Yeah, dawg! Models in production is the main point of building the model, right? As long as the model can predict a single request quickly and serve the results over the network, my team is happy. For the most part, that means I can use whatever I want to train and build machine learning models. I just have to be careful to preprocess data, have consistent datasets, and not retrain the model on every request. Once I’m done training, I save the model as a .rds file in cloud storage, which gets built into the Docker container and thus can be loaded into the R plumbr server and exposed to a http port.

The load balancing stuff is automatic through the platform (devops) team, but it basically works just like using a server running nginx to redirect traffic to other different servers. We can change the percent of traffic going to each server. In our platform, we use kubernetes to manage all this and I’m not sure on the desk details. For a simple sto setup, I think this is a good starting place:


#10

I recommend using make to manage the model execution part. You can make the R files and the data dependencies so that, if either are updated, make will recreate the model.

It’s ugly (and old), but below is some code I’ve been recycling to build a series of models on a data set. It assumes

  • all of the R files in the current path will be used to create a model (except for make.R),
  • each file outputs an RData file with the same name as the R file, and
  • unix or OS X are being used.

You can use make -i -j # to prevent stoping on errors and to run # files at the same time.

# file: make.R
R_files <- list.files(pattern = "\\.R$")
R_files <- R_files[R_files != "make.R"]

RData_files <- paste0(R_files, "Data")

###################################################################

## Break the files out into threes so that the make line isn't
## really long
over <- length(RData_files) %% 3
out_names <- if(over > 0) c(RData_files, rep("", 3 - over)) else RData_files
deps <- matrix(out_names, nrow = 3)
deps <- apply(deps, 2, function(x) paste("\t", paste(x, collapse = " "), "\\\n"))

make_depend <- paste(deps, collapse = "")
make_depend <- substring(make_depend, 3)
make_depend <- substring(make_depend, 1, nchar(make_depend) - 2)

make_operations <- 
  paste0(
    RData_files, 
    ": ", paste("dataset.RData", R_files), " ",
    "\n\t @date '+ %Y-%m-%d %H:%M:%S: starting  ", R_files, "'",
    "\n\t @$(RCMD) BATCH --vanilla ", R_files,
    "\n\t @date '+ %Y-%m-%d %H:%M:%S: finishing ", R_files, "'\n\n"
  )

cat(
  paste0(
    "SHELL = /bin/bash\n",
    "R    ?= R \n",
    "RCMD =@$(R) CMD\n",
    "all: ",
    make_depend,
    "\n\n",
    paste0(make_operations, collapse = "")
  ),
  file = "makefile"
)

I wouldn’t be surprised if there is an R package that does this better.


#11

If you’re looking for an R package, I’ve heard people recommend remake.

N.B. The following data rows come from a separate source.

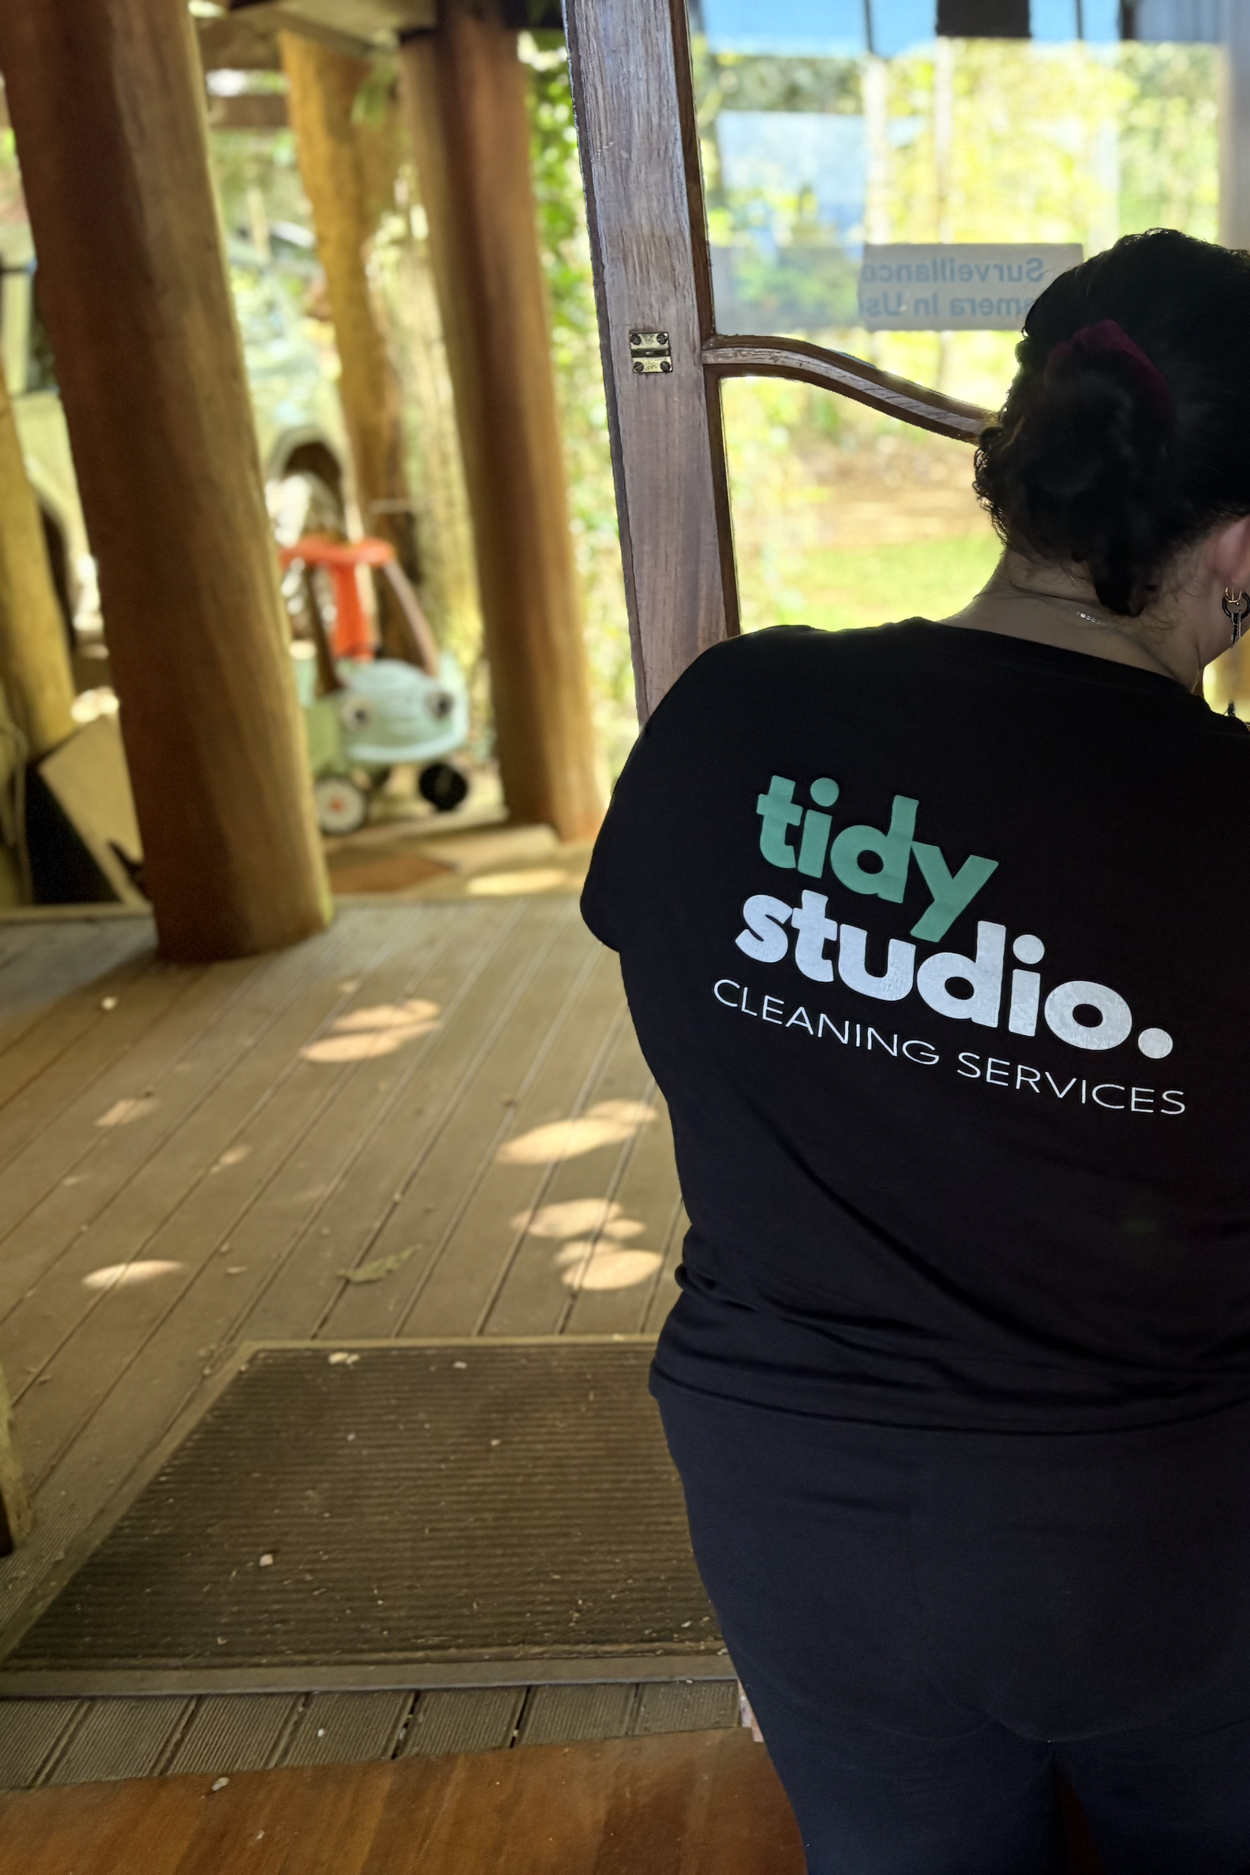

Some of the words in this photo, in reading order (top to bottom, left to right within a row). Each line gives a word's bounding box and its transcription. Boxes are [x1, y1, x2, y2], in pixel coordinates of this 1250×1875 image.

[756, 775, 999, 942] tidy
[713, 978, 940, 1065] CLEANING
[956, 1051, 1186, 1115] SERVICES
[735, 889, 1173, 1059] studio.
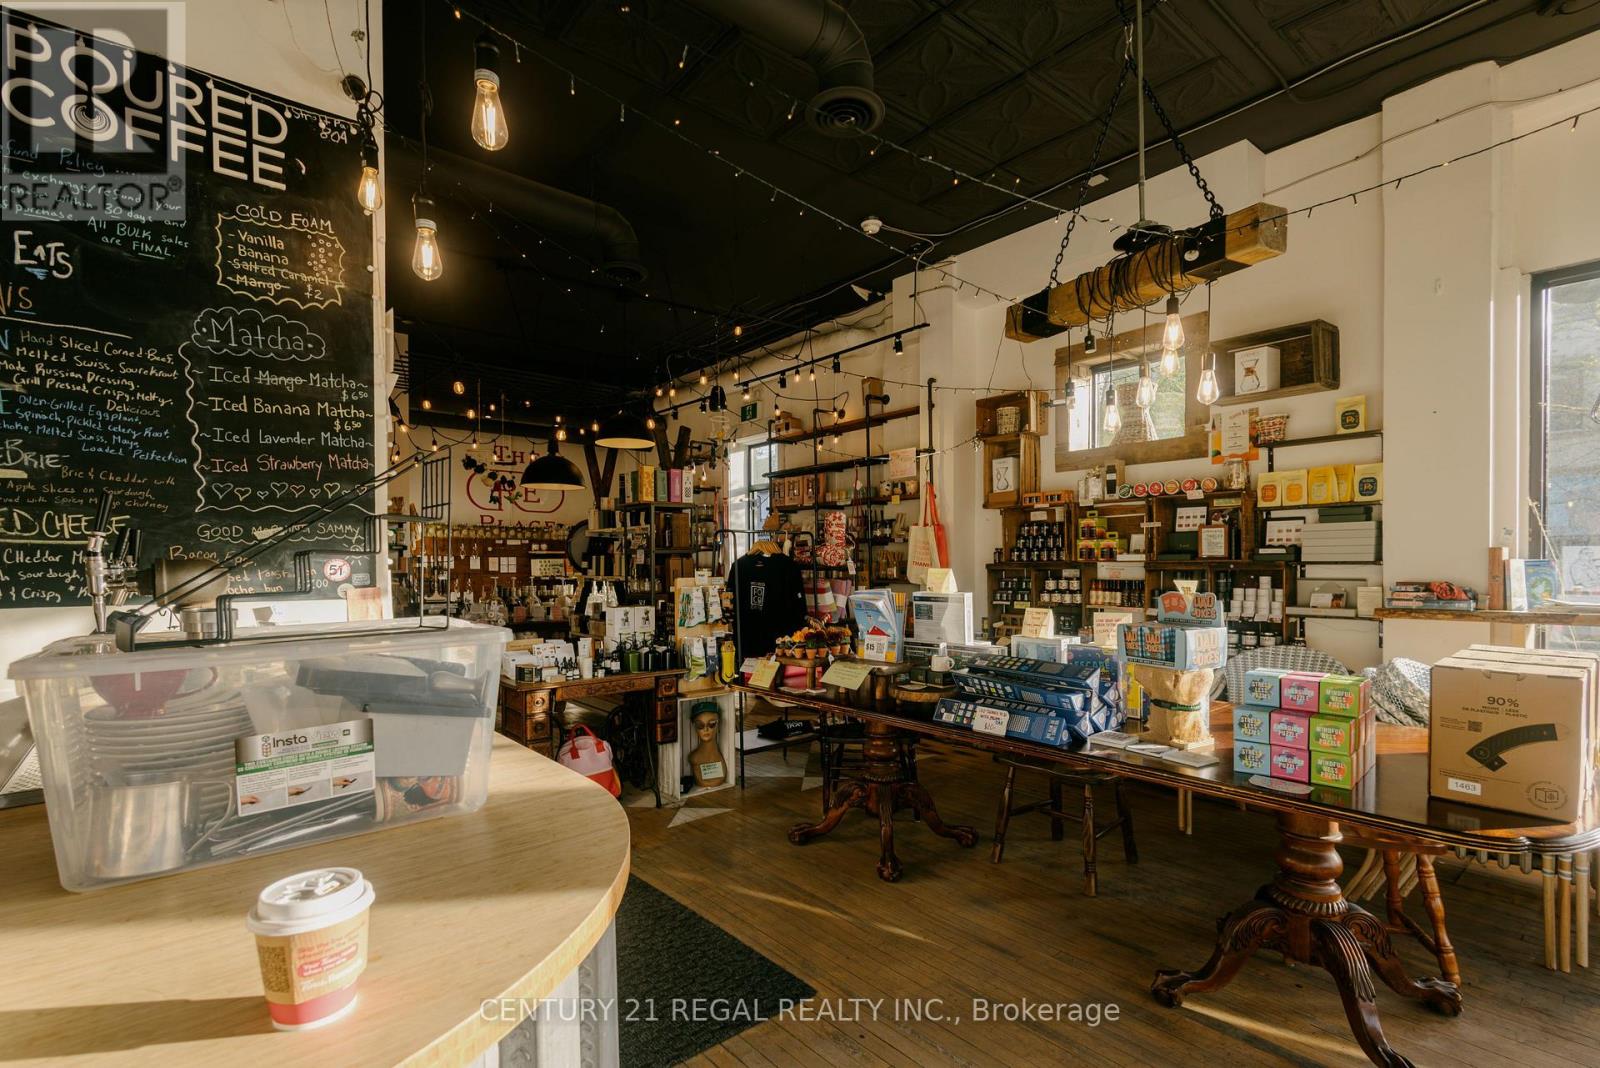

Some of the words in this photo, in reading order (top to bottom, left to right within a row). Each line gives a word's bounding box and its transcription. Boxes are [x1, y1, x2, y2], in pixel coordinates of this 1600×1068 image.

[6, 23, 288, 145] POURED
[1, 77, 287, 190] COFFEE
[236, 204, 282, 222] COLD
[290, 213, 334, 234] FOAM
[117, 222, 152, 240] BULK
[20, 330, 53, 346] Hand
[60, 335, 99, 352] Sliced
[207, 316, 304, 351] Matcha
[16, 347, 67, 362] Melted
[13, 373, 40, 385] Grill
[35, 362, 83, 379] Russian
[107, 399, 161, 418] Delicious
[253, 398, 310, 416] Banana
[259, 428, 316, 445] Lavender
[256, 454, 323, 481] Strawberry
[197, 523, 244, 539] GOOD
[1487, 696, 1519, 708] 90%
[273, 734, 308, 748] Insta
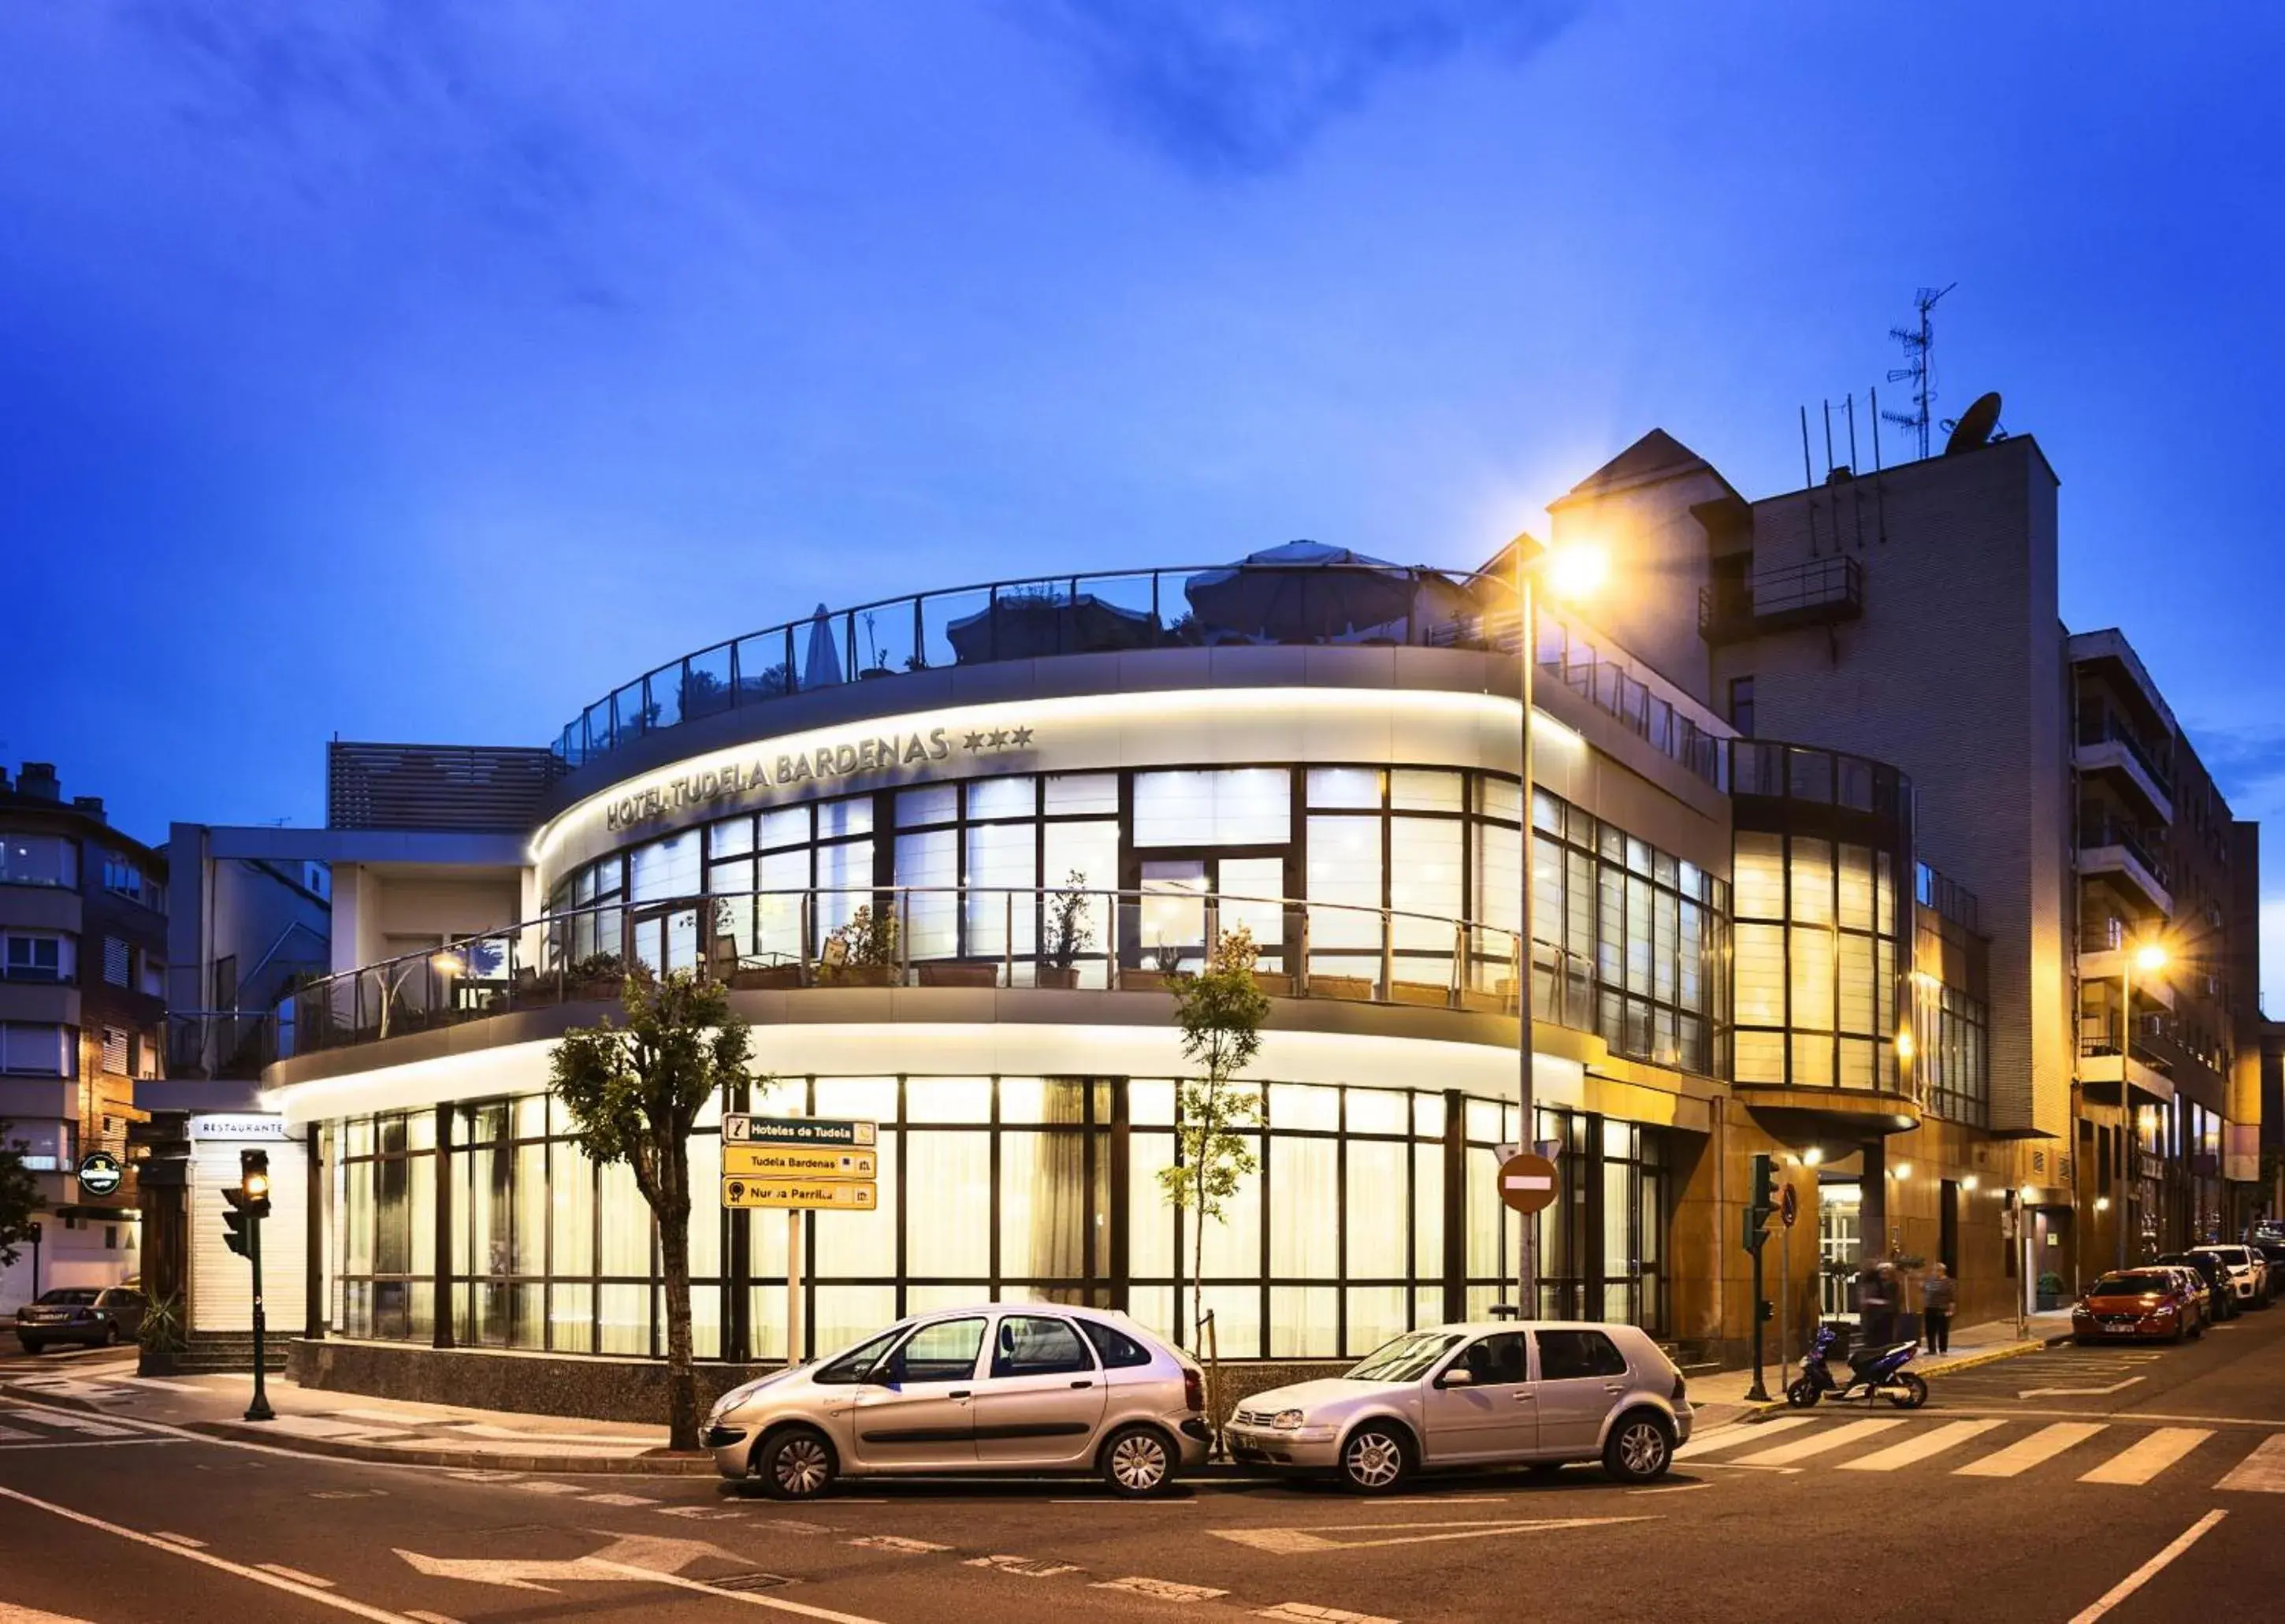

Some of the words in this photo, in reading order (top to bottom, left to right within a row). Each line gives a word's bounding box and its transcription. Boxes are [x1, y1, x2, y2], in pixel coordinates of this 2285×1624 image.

[607, 786, 670, 831] HOTEL
[671, 760, 769, 807] TUDELA
[776, 727, 949, 780] BARDENAS
[203, 1124, 283, 1132] RESTAURANTE
[752, 1124, 795, 1136] Hoteles
[797, 1126, 812, 1137] de
[814, 1128, 851, 1139] Tudela
[751, 1156, 786, 1167] Tudela
[789, 1158, 835, 1169] Bardenas

I don’t use make so I can’t personally speak to it, but I might check it out after reading your recommendation. Thanks for sharing!


#12

Thank you for the info!

Absolutely! I’ve just met a few people recently who have taken their R models and converted them over to a python implementation due to the speed and volume they were not able to get with the R models they created. Really more curious than anything.


#13

Thanks! Never used make so I’ll be looking into this further as it is a new way of doing this!


#14

Curious about what they were doing specifically that made Python faster… In my experience, neither is typically much faster than the other unless you don’t profile your code or look for opportunities to make quick wins.

For example, if you just use the randomForest package in R, you aren’t parallelizing the training, which is easy to do with python’s scikit-learn package. There are parallel random forest implementations in R, for example ranger, but for some reason people often don’t seem to try and do much research before they decide R is slow and move away.


#15

@raybuhr

some reason people often don’t seem to try and do much research before they decide R is slow and move away.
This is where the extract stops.